> **SUPPLIED RECORDS**:

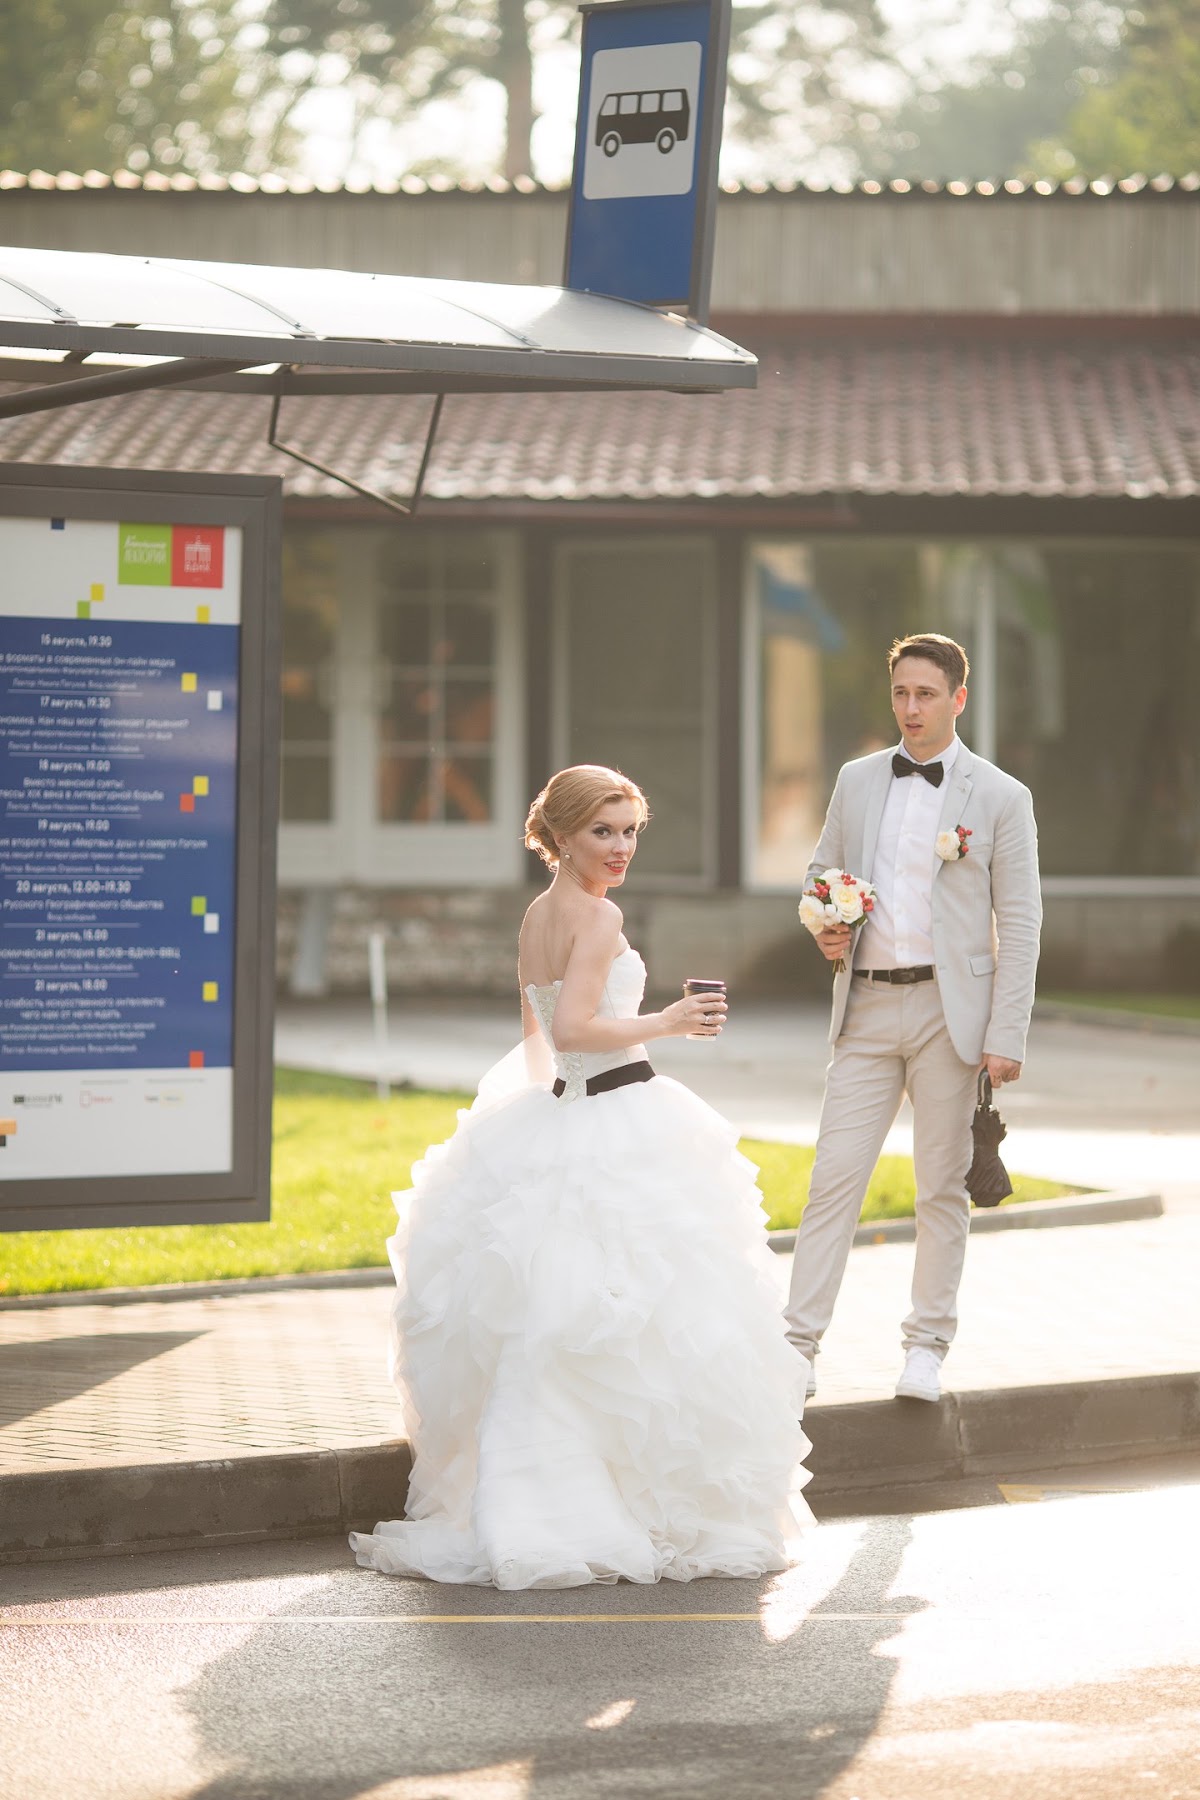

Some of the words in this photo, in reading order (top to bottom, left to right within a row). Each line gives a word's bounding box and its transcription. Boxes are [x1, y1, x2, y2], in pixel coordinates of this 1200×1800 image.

[52, 637, 87, 648] августа,
[88, 635, 112, 648] 19.30
[40, 696, 50, 708] 17
[51, 699, 86, 710] августа,
[87, 697, 111, 709] 19.30
[50, 761, 85, 773] августа,
[49, 822, 84, 833] августа,
[16, 880, 30, 893] 20
[31, 884, 71, 896] августа,
[35, 929, 45, 941] 21
[47, 932, 82, 943] августа,
[34, 979, 45, 991] 21
[46, 982, 81, 993] августа,

> **WORK TO COMPLETE**:
An exact copy of all the entries above is required, with every picture left out.

> **RESULT OF THE EXERCISE**:
Some of the words in this photo, in reading order (top to bottom, left to right within a row). Each line gives a word's bounding box and its transcription. Boxes are [x1, y1, x2, y2], in pixel coordinates of this 1200×1800 image.

[52, 637, 87, 648] августа,
[88, 635, 112, 648] 19.30
[40, 696, 50, 708] 17
[51, 699, 86, 710] августа,
[87, 697, 111, 709] 19.30
[50, 761, 85, 773] августа,
[49, 822, 84, 833] августа,
[16, 880, 30, 893] 20
[31, 884, 71, 896] августа,
[35, 929, 45, 941] 21
[47, 932, 82, 943] августа,
[34, 979, 45, 991] 21
[46, 982, 81, 993] августа,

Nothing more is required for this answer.